For instance, Australia has been willing to accept an American nuclear shield under the ANZUS treaty and does not restrict nuclear armed American vessels from using its territorial waters. The joint US-Australian facility in Pine Gap plays a crucial part in relaying early warning information to the US strategic nuclear forces. Given this, it would not be breaking the mould for Australia to explore nuclear avenues with India.
Clearly, there is an increasing number of areas where Australia can engage India. However, engagement, especially of the strategic kind, is based on mutual trust. Indians have come to see nuclear accommodation as a touchstone of bilateral relationships. This is why Australia needs to find ways to take part in a US-led global nuclear rapprochement with India. The Indo-US nuclear deal provides an excellent pathway for this. The deal is basically another instance of a recent trend away from ageing and inflexible international treaties and towards a consensus of like-minded states led by the US, when it comes to resolving trans-national issues such as nuclear proliferation. The enthusiastic support for the deal from Mohammed ElBaradei, the director of the International Atomic Energy Agency, is an indicator that this shift is not transitory.
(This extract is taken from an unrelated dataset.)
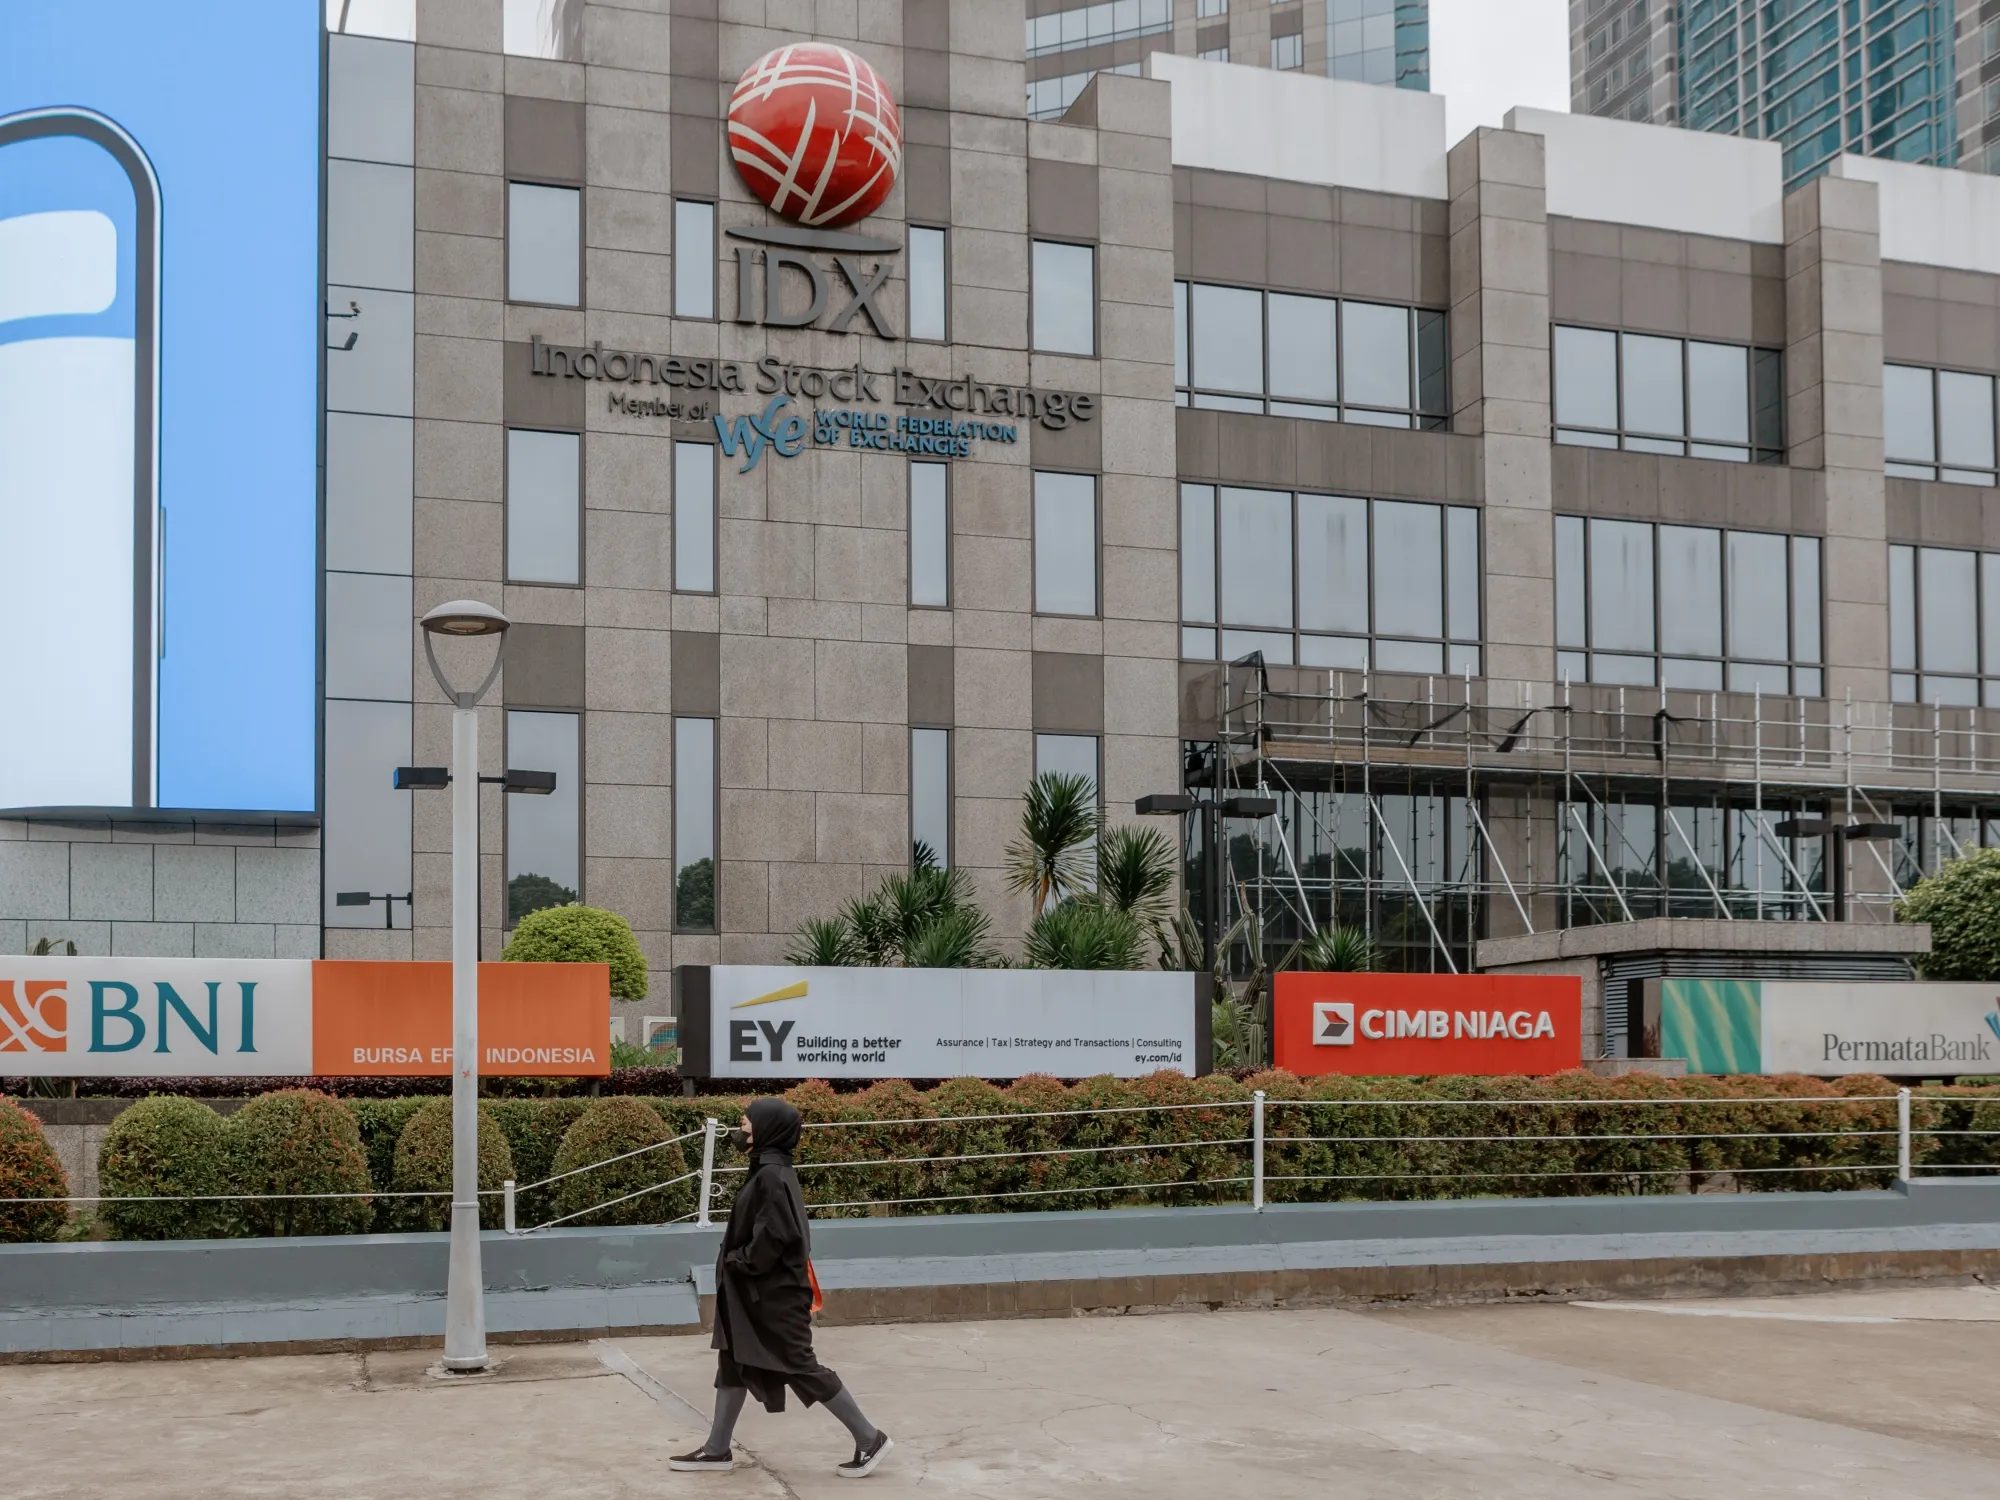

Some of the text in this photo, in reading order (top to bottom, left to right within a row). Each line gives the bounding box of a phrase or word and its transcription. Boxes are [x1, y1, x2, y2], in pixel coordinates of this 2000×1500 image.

Indian leaders will definitely understand if Australia takes some time to reconcile to the Indo-US nuclear arrangement. However, they will definitely not take kindly to Australian reading from NPT scriptures to Indians even as Canberra bends over backwards to supply uranium to China with laughable provisions that pass for safeguards. As seen from New Delhi, a global “coming to terms” with India’s nuclear status is inevitable and the level of India’s trust with Australia depends on when Canberra boards the bus.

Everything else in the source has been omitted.